Abstract: We prove that Lagrangian cocores and Lagrangian linking disks of a stopped Weinstein manifold generate the Lagrangian cobordism infinity-category. As a geometric consequence, we see that any brane (after stabilization) admits a Lagrangian cobordism to a disjoint union of some standard collection of branes (cocores, linking disks, and a zero object). For example, when our stopped Weinstein manifold is a point stopped by itself, we find that any exact brane in Euclidean space admits a Lagrangian cobordism to a disjoint union of cotangent fibers and a zero object. (This is a stronger statement than one could obtain from purely Fukaya-categorical generation results.) Our methods are constructive. For example, when our Weinstein manifold is a point, after stabilization we can resolve the conormal to a compact manifold A of R^n by a sequence of cotangent fibers; the resulting filtration realizes, after passage to the wrapped Fukaya category, the Morse cochain complex of A associated to (and hence filtered by) a generic ``distance to a point'' function; the associated gradeds are the reduced homologies of the Morse attaching spheres. There is also an algebraic consequence. Lagrangian cobordism theory is conjectured (in analogue to classical cobordism theory) to be linear over a ring spectrum L controlling Lagrangian cobordisms between cotangent fibers in Euclidean spaces.
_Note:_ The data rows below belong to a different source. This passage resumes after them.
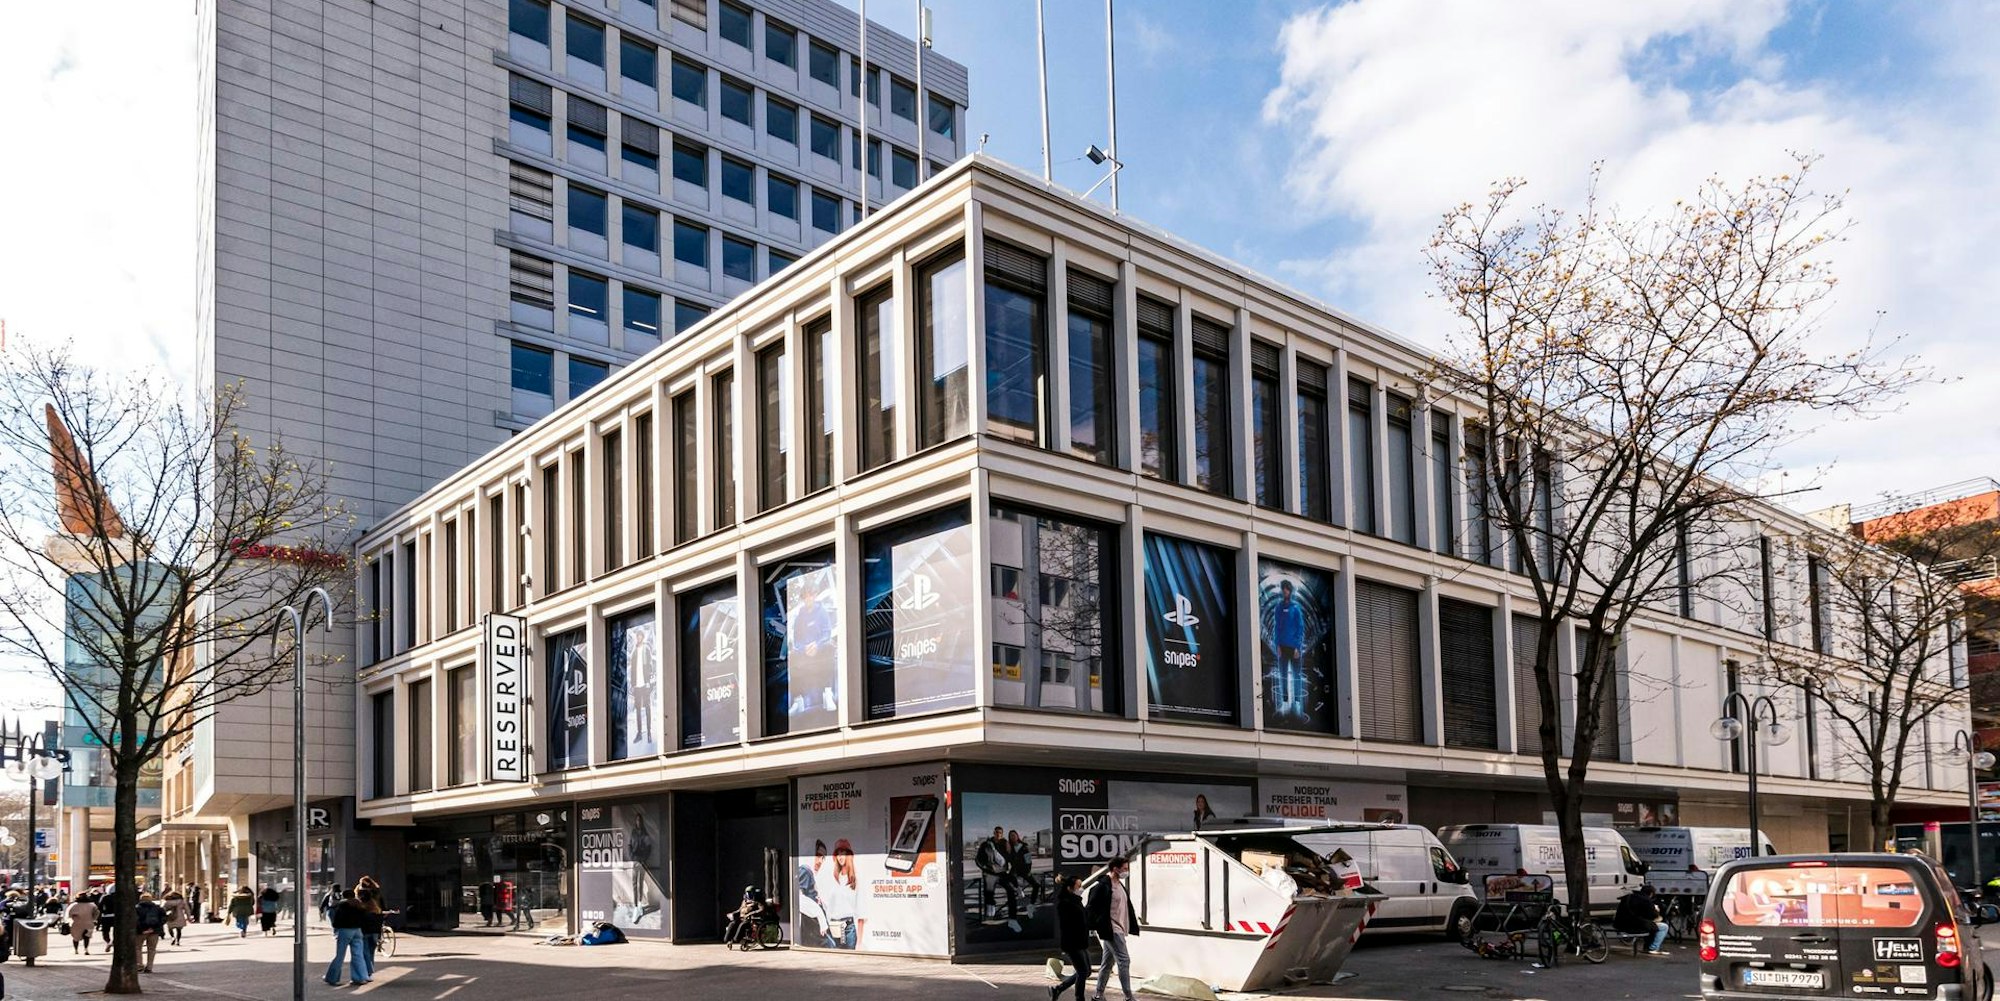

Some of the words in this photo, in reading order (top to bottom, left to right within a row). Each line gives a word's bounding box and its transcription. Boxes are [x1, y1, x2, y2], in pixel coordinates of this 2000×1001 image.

[900, 638, 936, 659] snipes
[1164, 650, 1197, 668] snipes
[496, 624, 516, 771] RESERVED
[707, 685, 732, 702] snipes
[567, 713, 586, 728] snipes
[823, 781, 856, 791] NOBODY
[912, 775, 937, 786] snipes
[1059, 778, 1096, 795] snipes
[805, 790, 838, 802] FRESHER
[841, 789, 861, 799] THAN
[1294, 785, 1330, 796] NOBODY
[813, 800, 850, 812] CLIQUE
[1271, 795, 1312, 805] FRESHER
[1314, 796, 1337, 806] THAN
[1266, 804, 1280, 813] MY
[1281, 805, 1325, 817] CLIQUE
[1060, 814, 1139, 831] COMING
[582, 832, 624, 849] COMING
[1060, 834, 1139, 858] SOON
[582, 848, 624, 868] SOON
[1150, 853, 1192, 864] REMONDIS
[1734, 846, 1751, 858] BOT
[874, 885, 903, 893] SNIPES
[906, 885, 922, 893] APP
[1877, 941, 1919, 958] HELM
[1753, 972, 1767, 982] SU
[1792, 974, 1820, 984] 7979
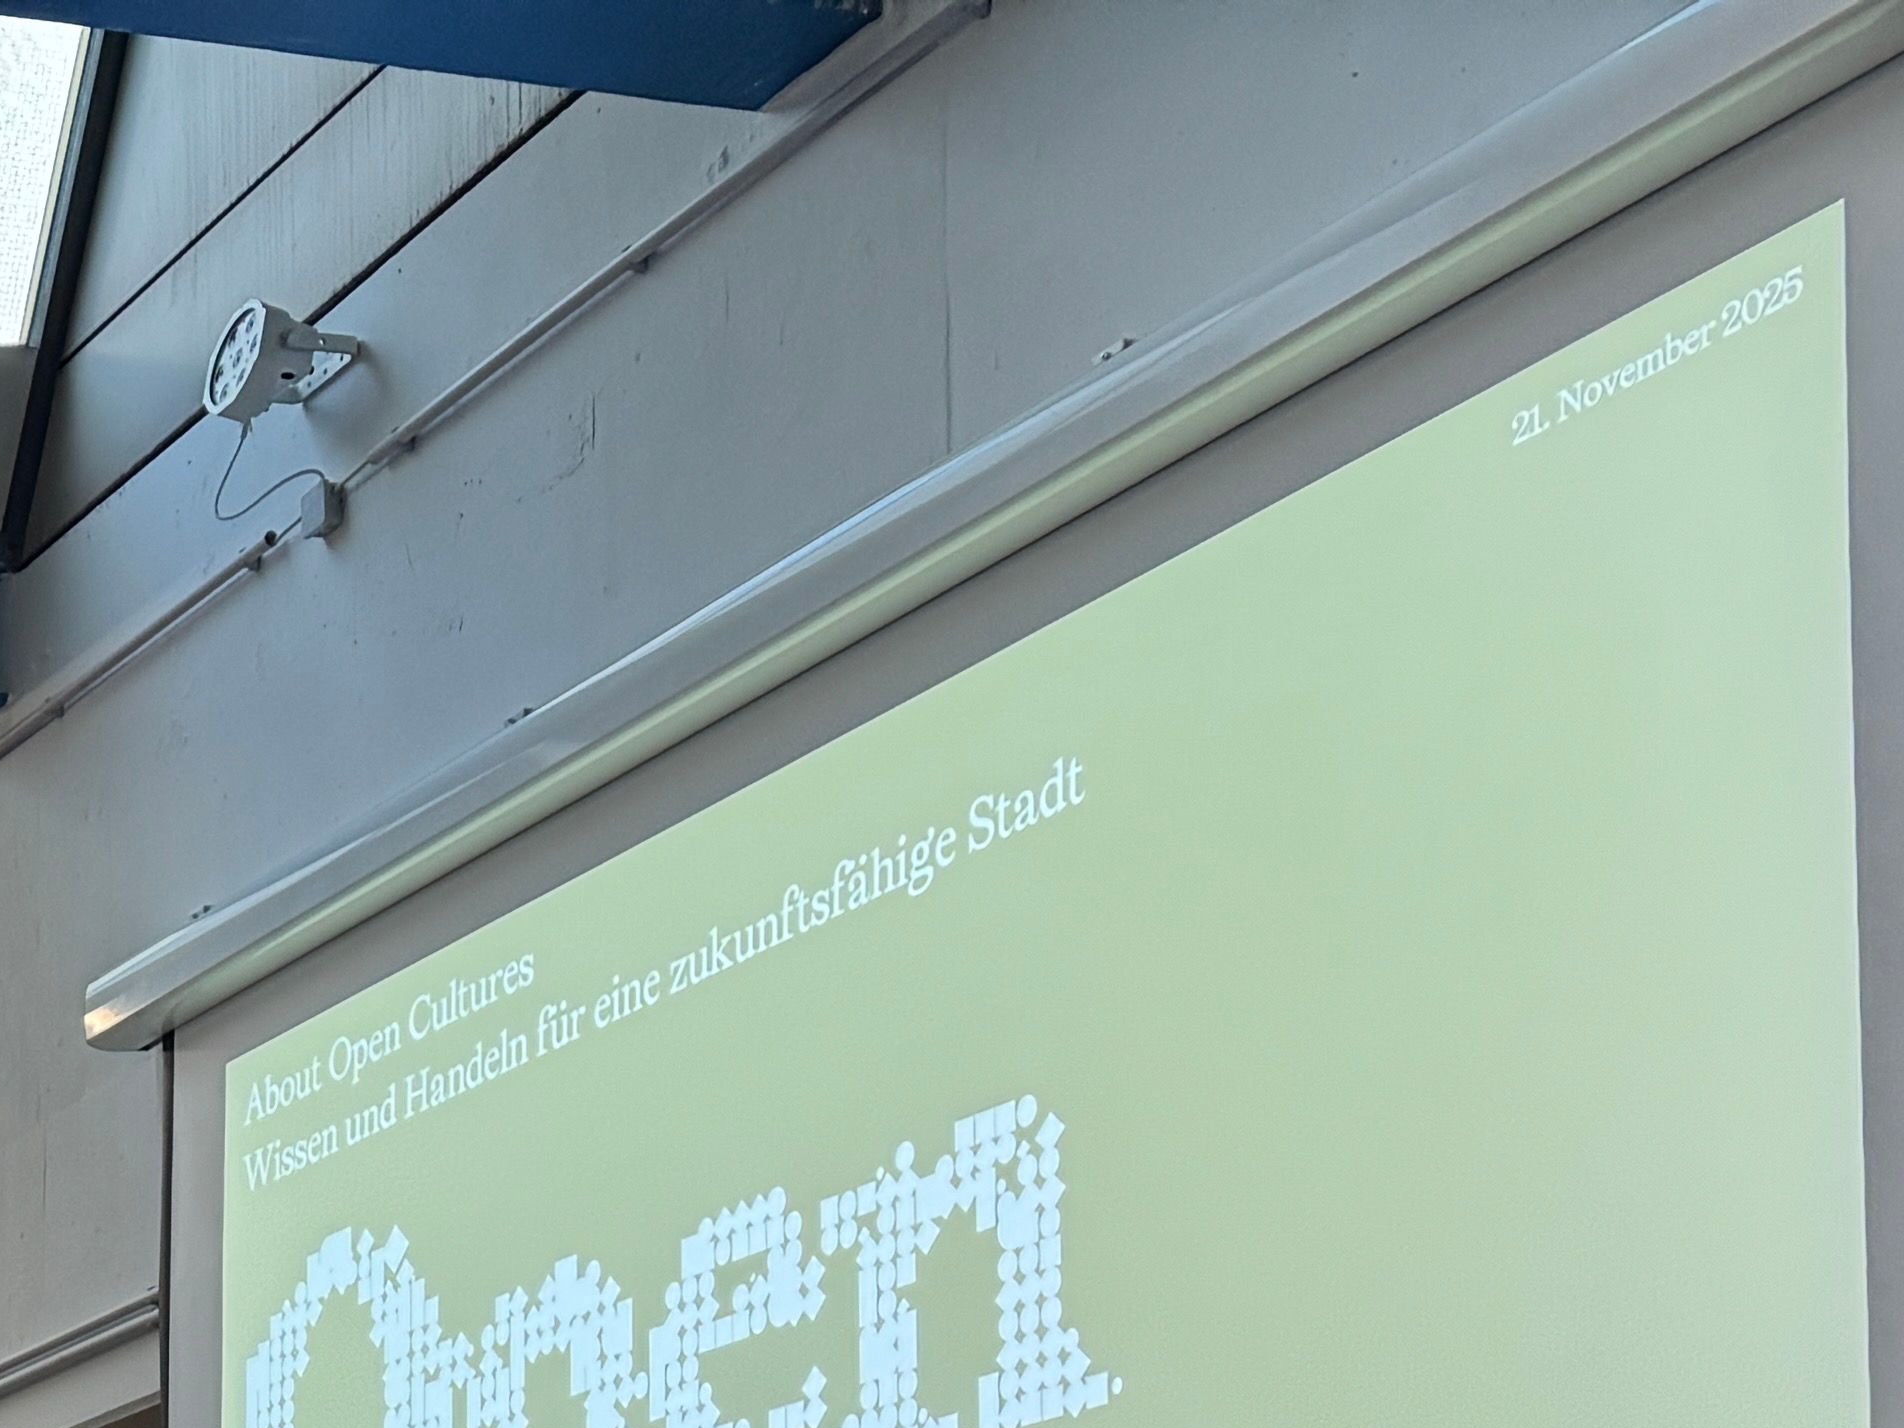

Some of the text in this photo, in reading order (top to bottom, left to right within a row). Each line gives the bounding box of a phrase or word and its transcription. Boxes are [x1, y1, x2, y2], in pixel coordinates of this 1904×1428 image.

[1511, 265, 1803, 446] 21. November 2025
[243, 755, 1086, 1192] Wissen und Handeln für eine zukunftsfähige Stadt
[244, 953, 534, 1126] About Open Cultures
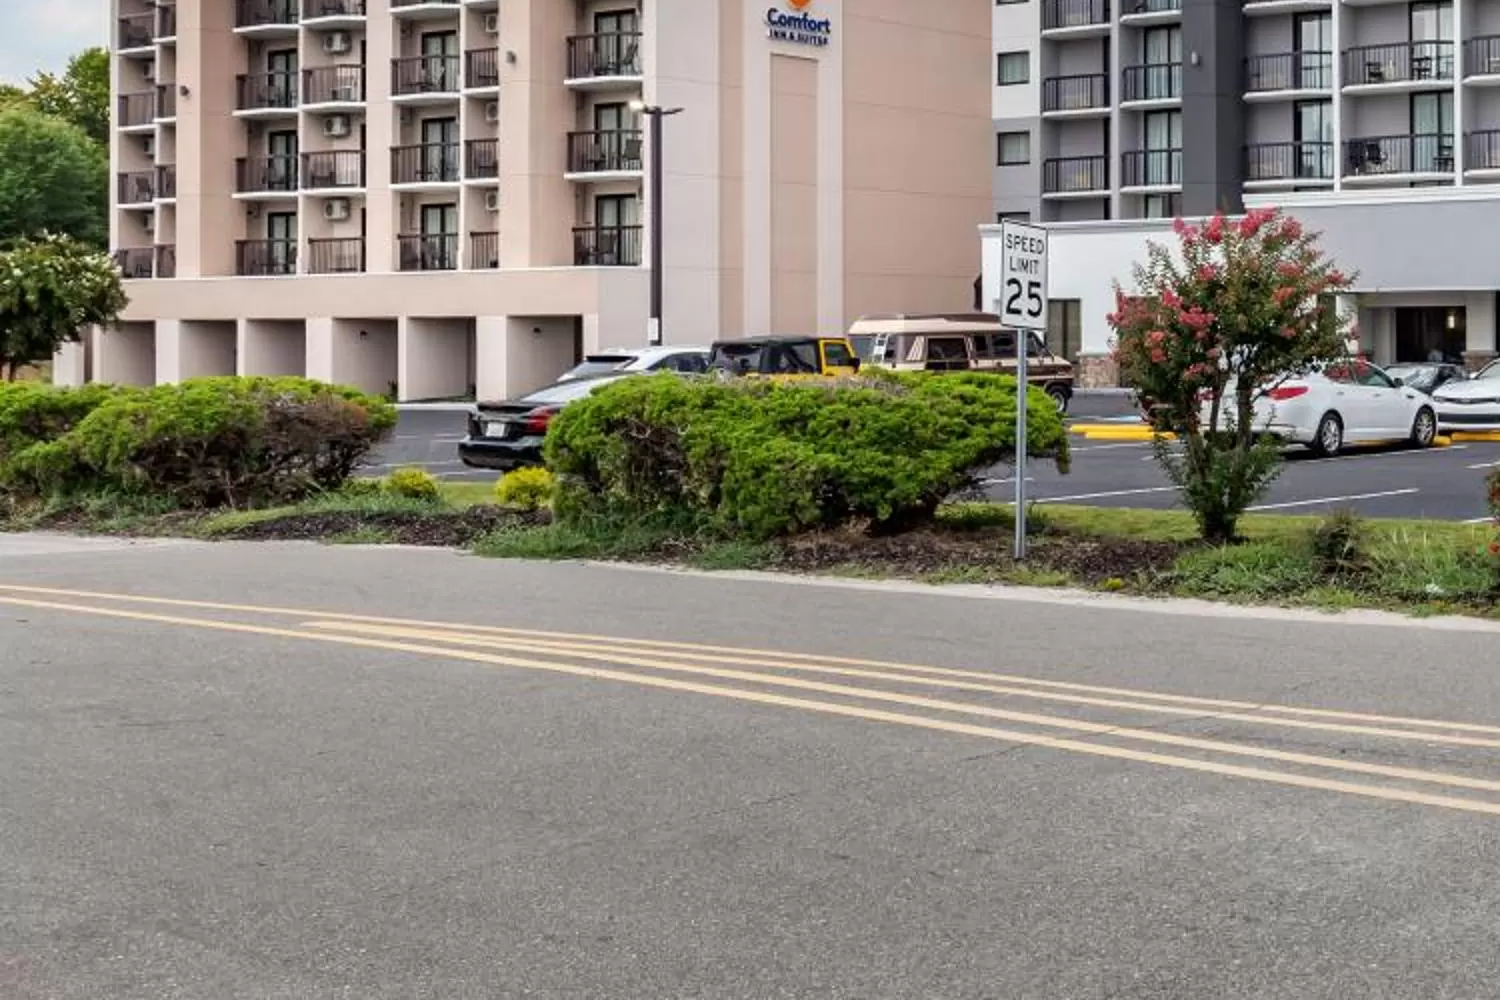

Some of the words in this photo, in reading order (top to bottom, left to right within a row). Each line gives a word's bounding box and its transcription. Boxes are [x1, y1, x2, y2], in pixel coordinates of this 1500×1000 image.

[766, 7, 831, 34] Comfort
[1006, 233, 1045, 255] SPEED
[1009, 256, 1040, 275] LIMIT
[1006, 277, 1043, 318] 25
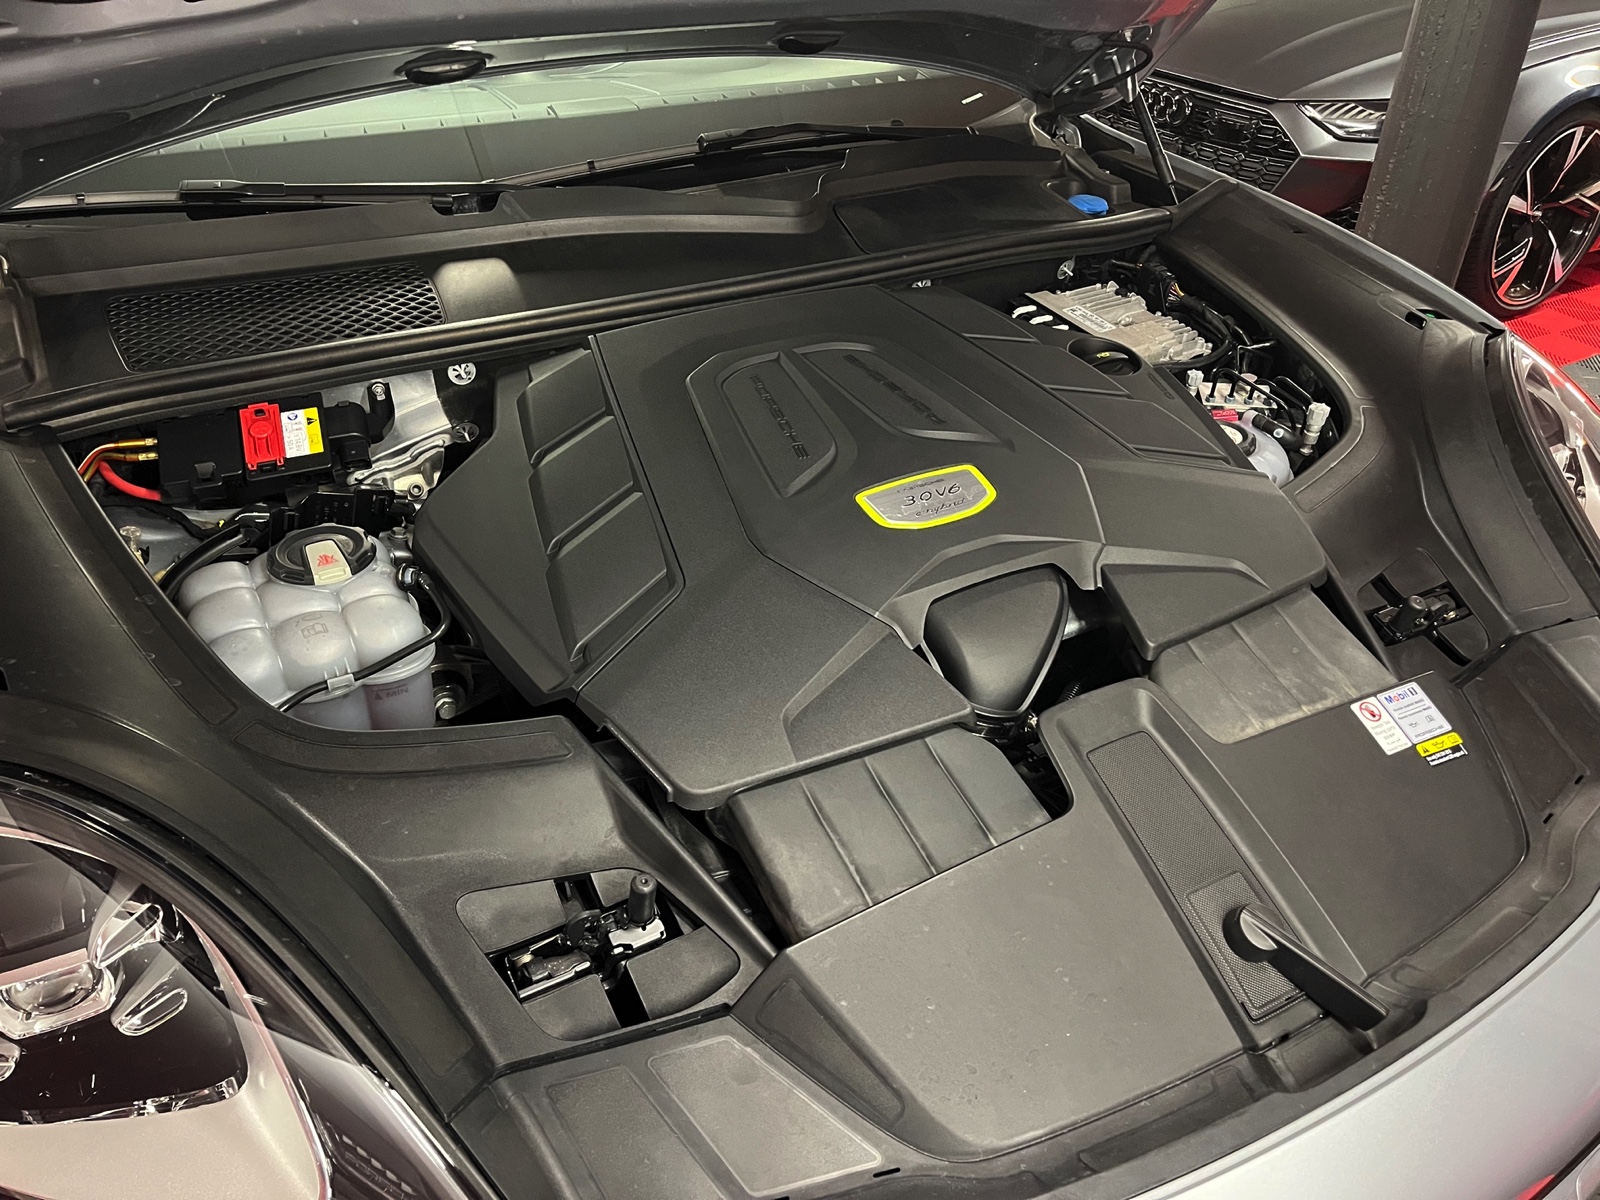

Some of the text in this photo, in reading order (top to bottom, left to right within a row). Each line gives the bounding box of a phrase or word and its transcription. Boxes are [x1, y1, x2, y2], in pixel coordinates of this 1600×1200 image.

[748, 374, 811, 460] PORSCHE
[935, 483, 961, 498] V6
[386, 687, 409, 698] MIN
[1384, 689, 1410, 704] Mobil
Our main theorem gives strong evidence for this conjecture: The infinity-category of Lagrangians and their cobordisms in R^infinity is equivalent to a full subcategory of modules over L. We conclude by proving a \pi_0-level theorem that gives further evidence of the above conjecture: We exhibit a \pi_0-level symmetric monoidal structure compatible with the linear structure of L-modules.